Lidl-Kunde: „Parkscheiben interessieren nicht, Bodensensoren regeln alles“

„Ihre Mitarbeiter reden sich fein raus und denen ist alles egal“, so der Kunde in seiner Beschwerde. „Mir aber nicht. Solange Sie hier nicht für Ordnung gegenüber den Betrügern sorgen, sondern Ihre Kunden mit den Problemen alleine lassen, werde ich Ihre Läden ab sofort meiden.“ Als er sich beschwert habe, sei herausgekommen, dass der Fehler tatsächlich daher rührte, dass er sich mit seinem Wagen ungünstig zu einem Bodensensor positioniert habe.

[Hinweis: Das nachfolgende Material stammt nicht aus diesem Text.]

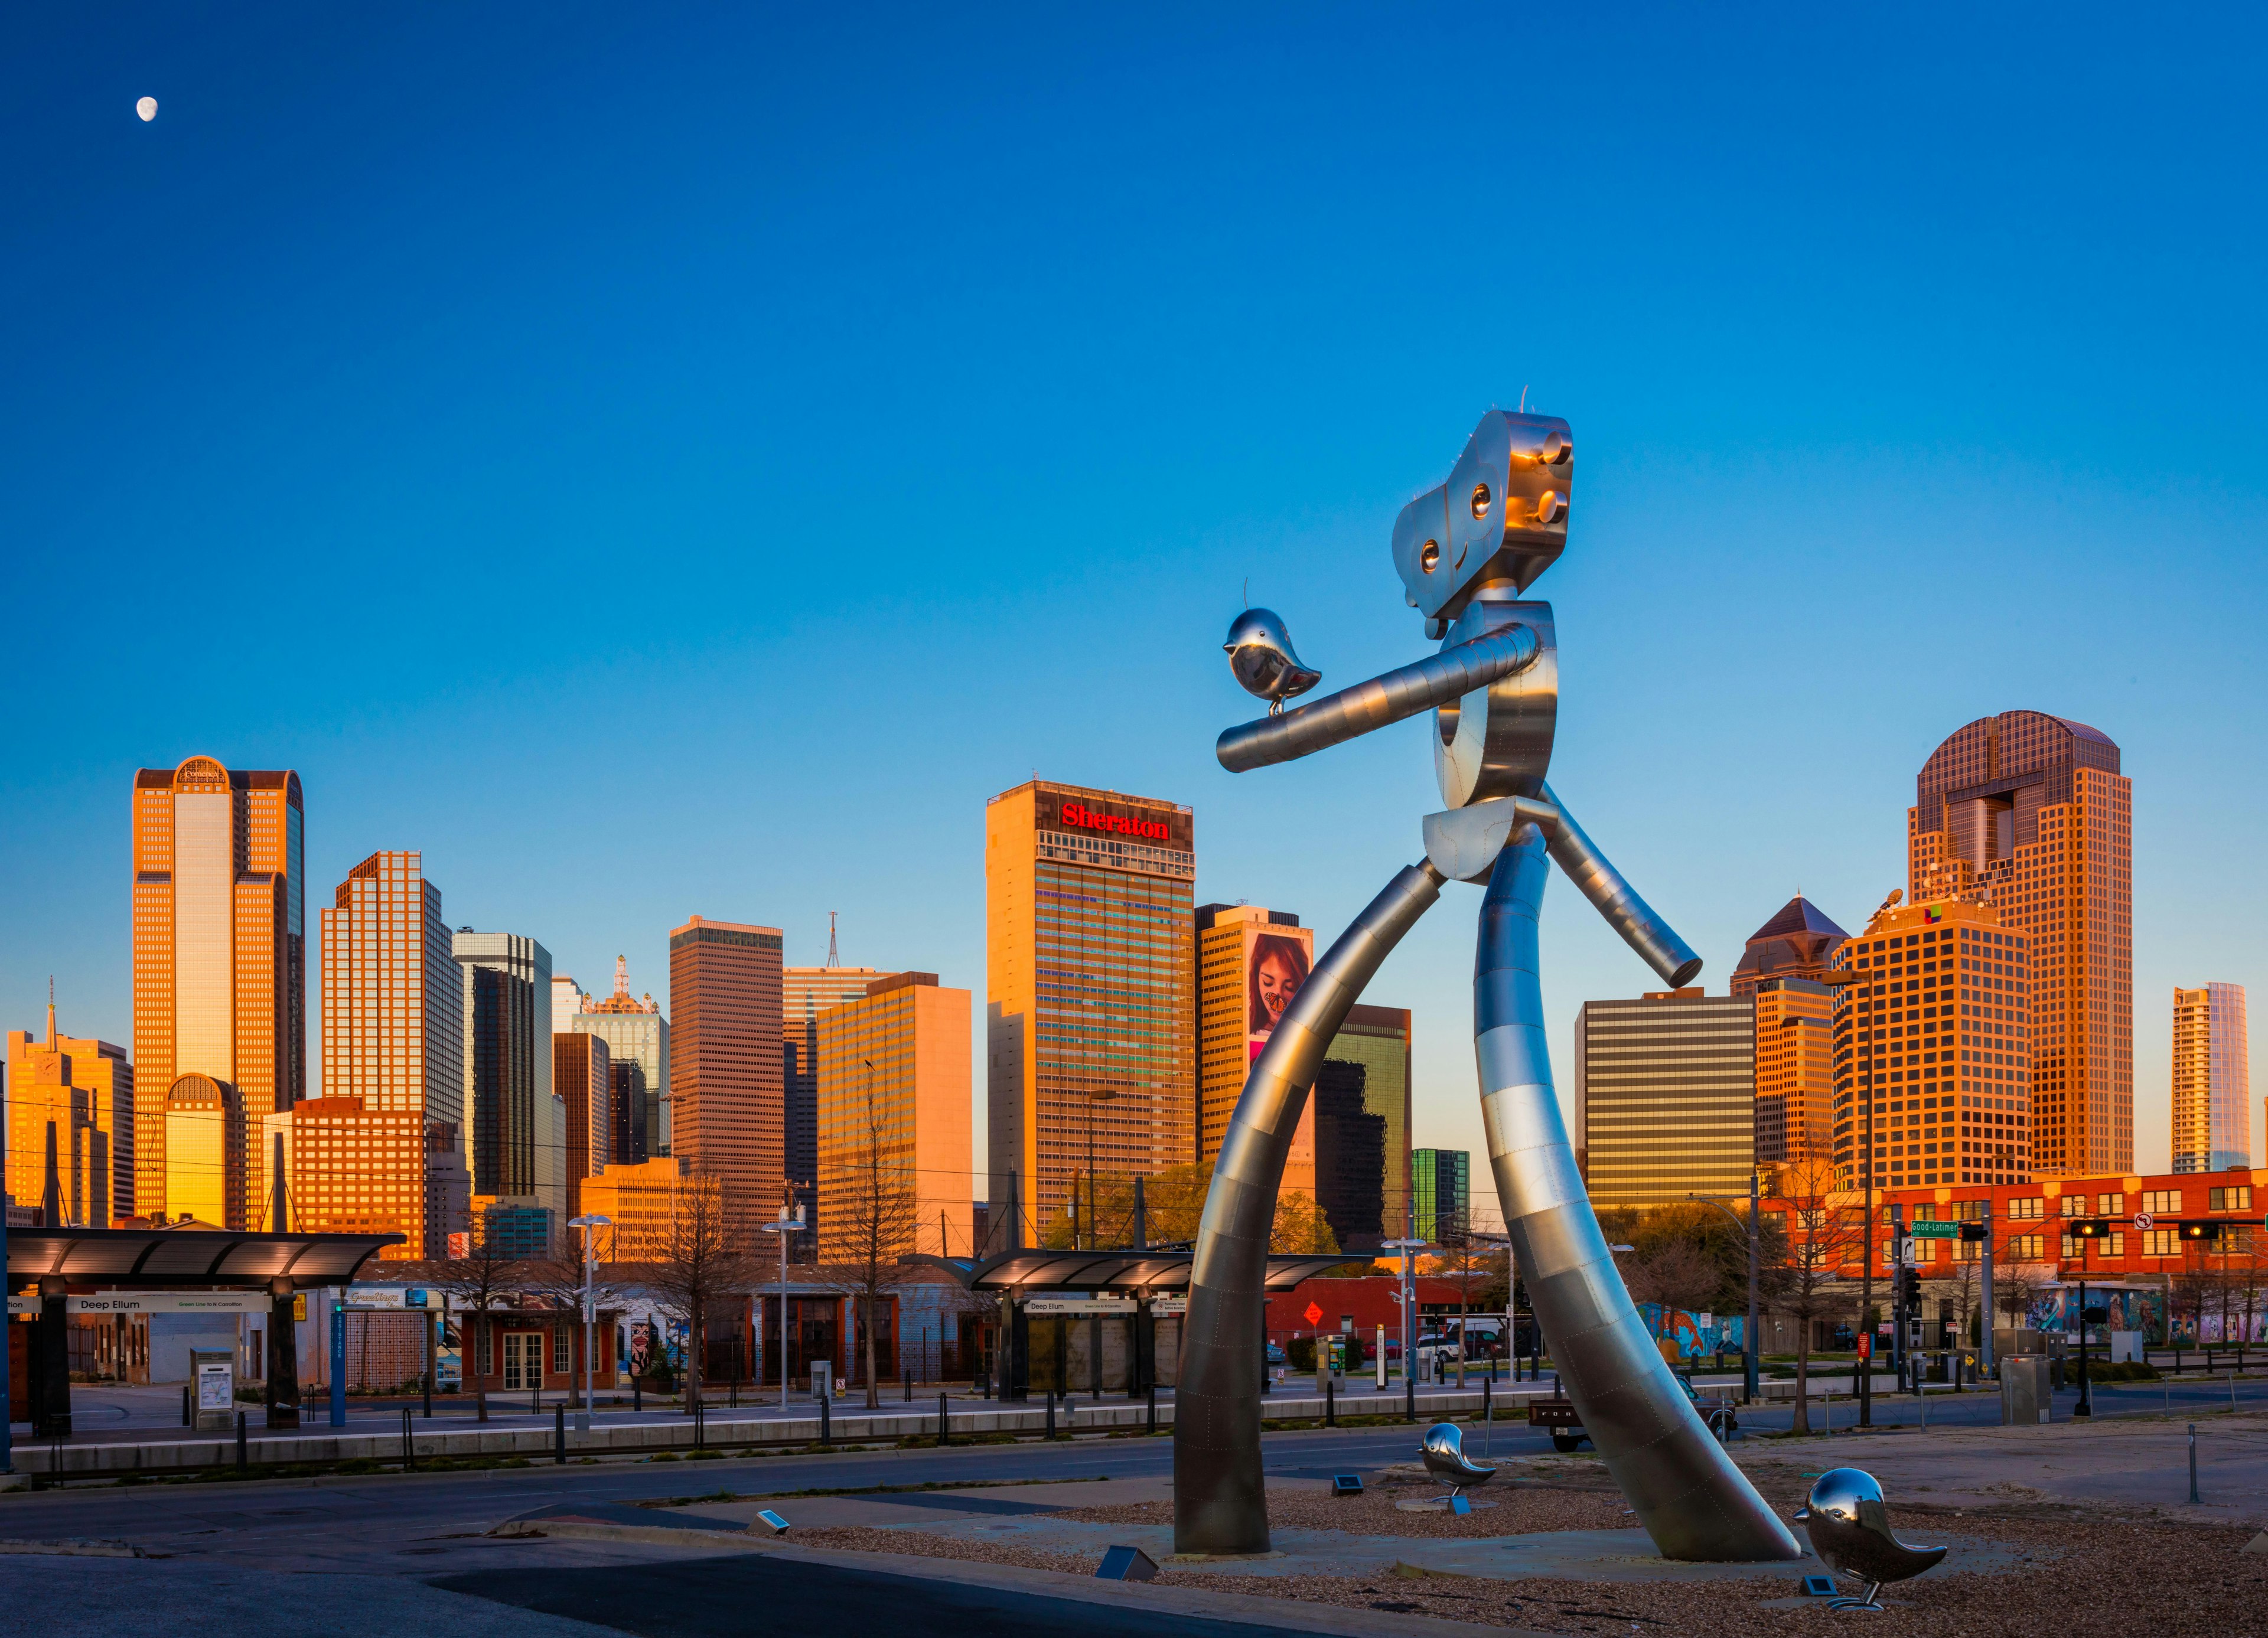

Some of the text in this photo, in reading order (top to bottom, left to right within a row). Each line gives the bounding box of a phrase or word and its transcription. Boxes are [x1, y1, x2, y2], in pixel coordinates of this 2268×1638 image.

„Parkscheiben interessieren übrigens nicht mehr, Bodensensoren regeln ALLES“, so der Kunde. Auf seine wütende Beschwerde meldete sich schließlich auch Lidl zu Wort: „Hallo Karl, ohje, das soll nicht sein“, so das Social-Media-Team des Discounters. „Wir möchten dein Anliegen gerne an die zuständigen Führungskräfte weiterleiten. Sende uns dein Anliegen und die genaue Lidl-Filiale bitte in einer privaten Nachricht.“

Streit auf Lidl-Parkplätzen: Erst vor Kurzem äußerte eine Kundin ihren Unmut

Parkplätze werden immer wieder zum Austragungsort für Konflikte. Erst kürzlich äußerte sich eine Lidl-Kundin wütend über einen Tesla, der stundenlang an einer Ladestation hing und bezeichnete ihn als „Ladeschnorrer“.